**Assignment**. An exact copy of the data is required, with no pictures in it.

##### Study material #####

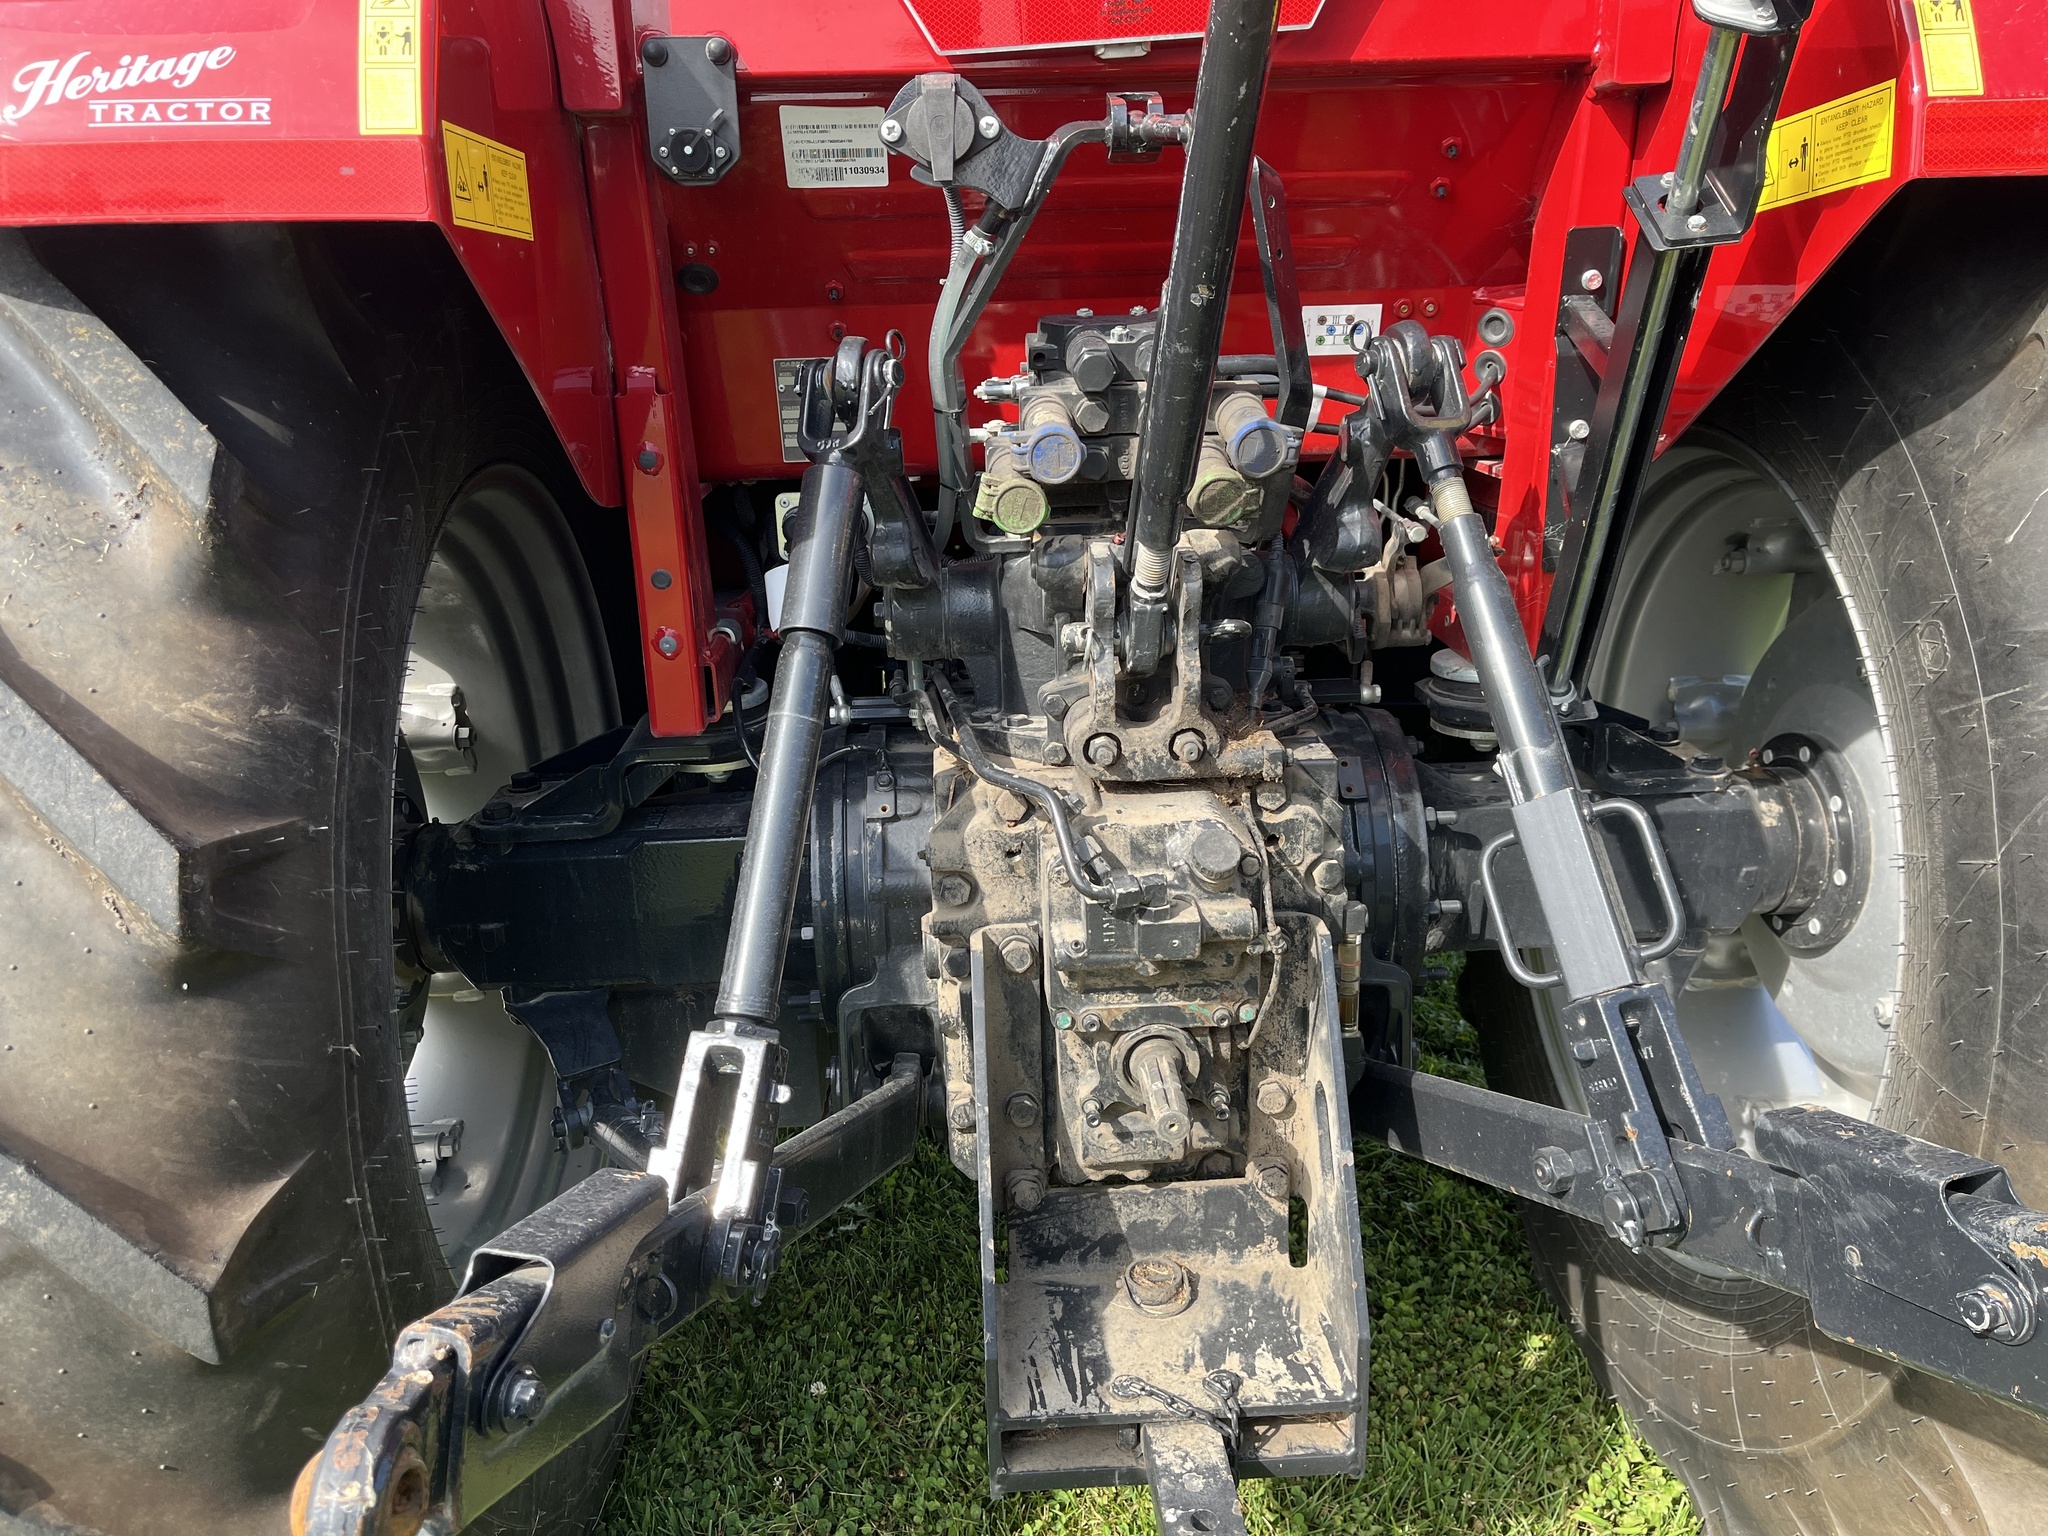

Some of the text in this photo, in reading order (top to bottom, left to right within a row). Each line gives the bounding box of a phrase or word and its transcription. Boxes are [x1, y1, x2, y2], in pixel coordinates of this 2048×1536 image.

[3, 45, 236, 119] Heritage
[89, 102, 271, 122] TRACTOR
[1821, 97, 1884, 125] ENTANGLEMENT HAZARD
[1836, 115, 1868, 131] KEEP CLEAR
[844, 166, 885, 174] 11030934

#####

**Answer below**.
Some of the text in this photo, in reading order (top to bottom, left to right within a row). Each line gives the bounding box of a phrase or word and its transcription. Boxes are [x1, y1, x2, y2], in pixel coordinates of this 2048×1536 image.

[3, 45, 236, 119] Heritage
[89, 102, 271, 122] TRACTOR
[1821, 97, 1884, 125] ENTANGLEMENT HAZARD
[1836, 115, 1868, 131] KEEP CLEAR
[844, 166, 885, 174] 11030934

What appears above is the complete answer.